Directions: Retype every entry below without pictures.

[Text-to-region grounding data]
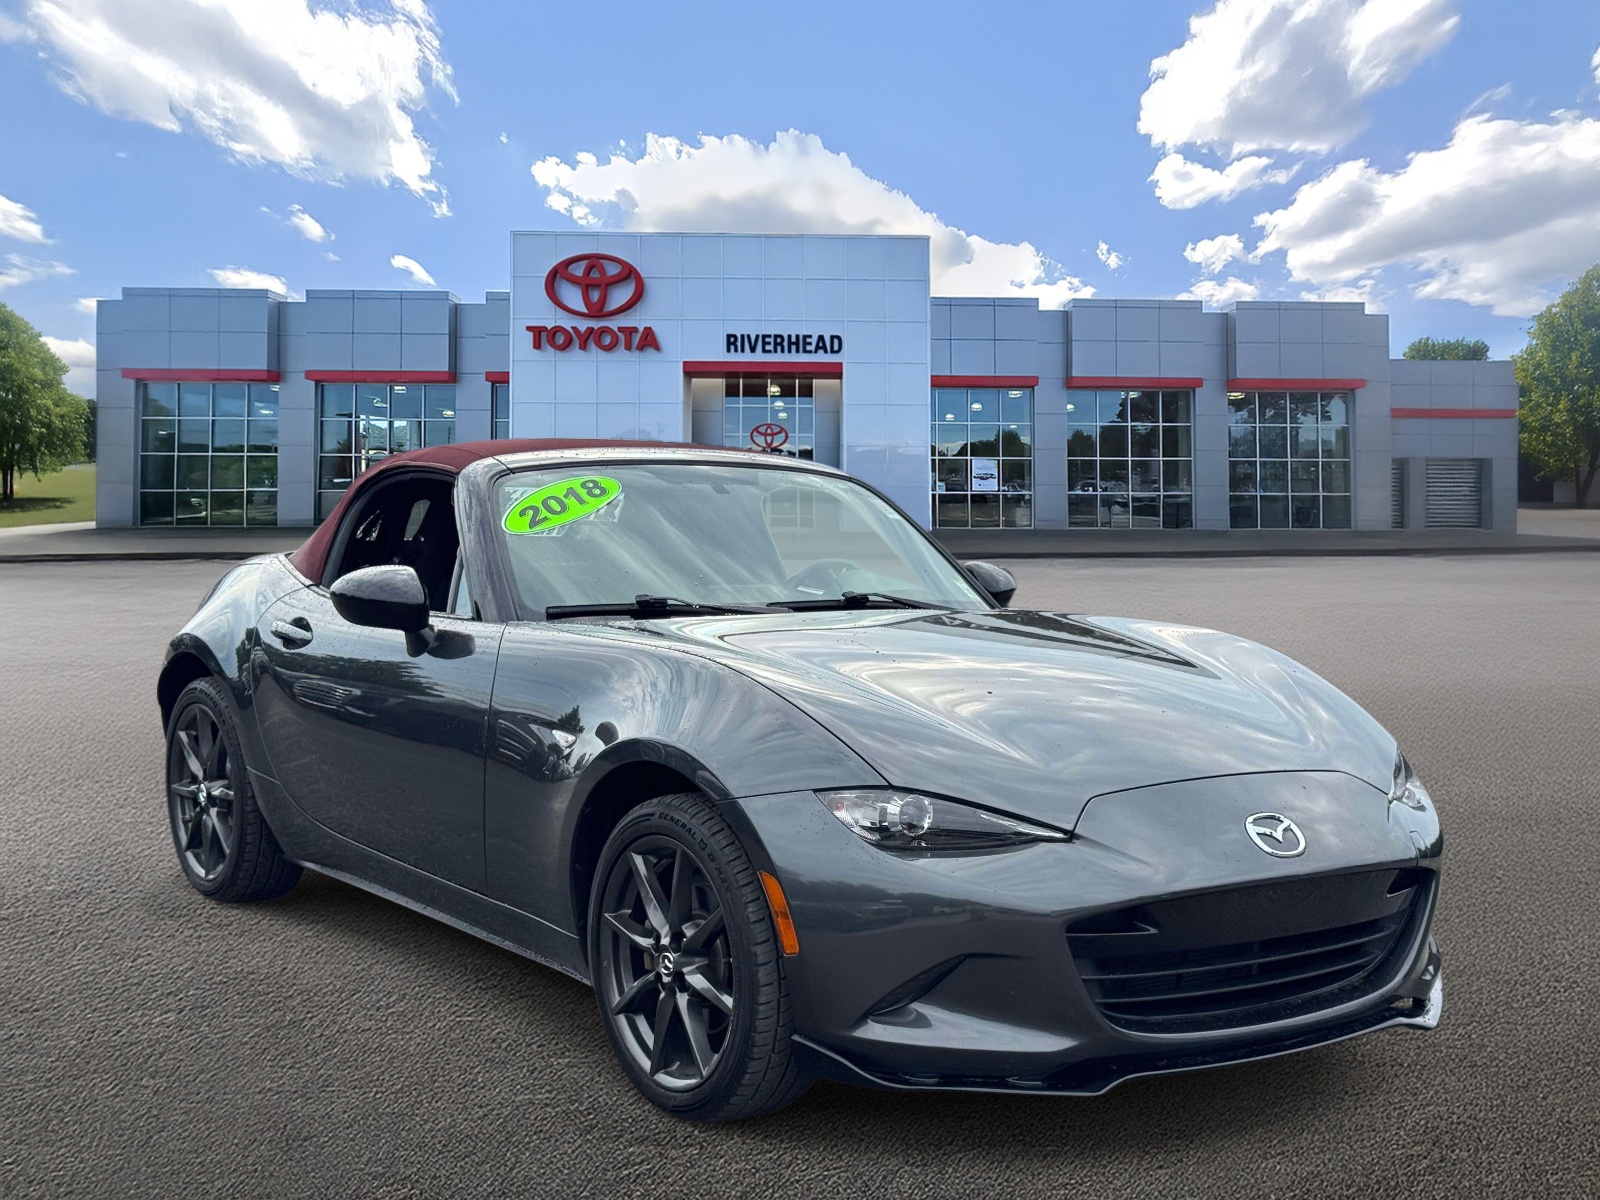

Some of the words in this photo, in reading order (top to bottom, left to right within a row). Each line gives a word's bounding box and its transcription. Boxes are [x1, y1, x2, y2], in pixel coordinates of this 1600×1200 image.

[525, 325, 661, 352] TOYOTA
[726, 333, 843, 354] RIVERHEAD
[518, 479, 609, 530] 2018
[657, 811, 697, 841] GENERAL

Reply:
Some of the words in this photo, in reading order (top to bottom, left to right within a row). Each line gives a word's bounding box and its transcription. Boxes are [x1, y1, x2, y2], in pixel coordinates of this 1600×1200 image.

[525, 325, 661, 352] TOYOTA
[726, 333, 843, 354] RIVERHEAD
[518, 479, 609, 530] 2018
[657, 811, 697, 841] GENERAL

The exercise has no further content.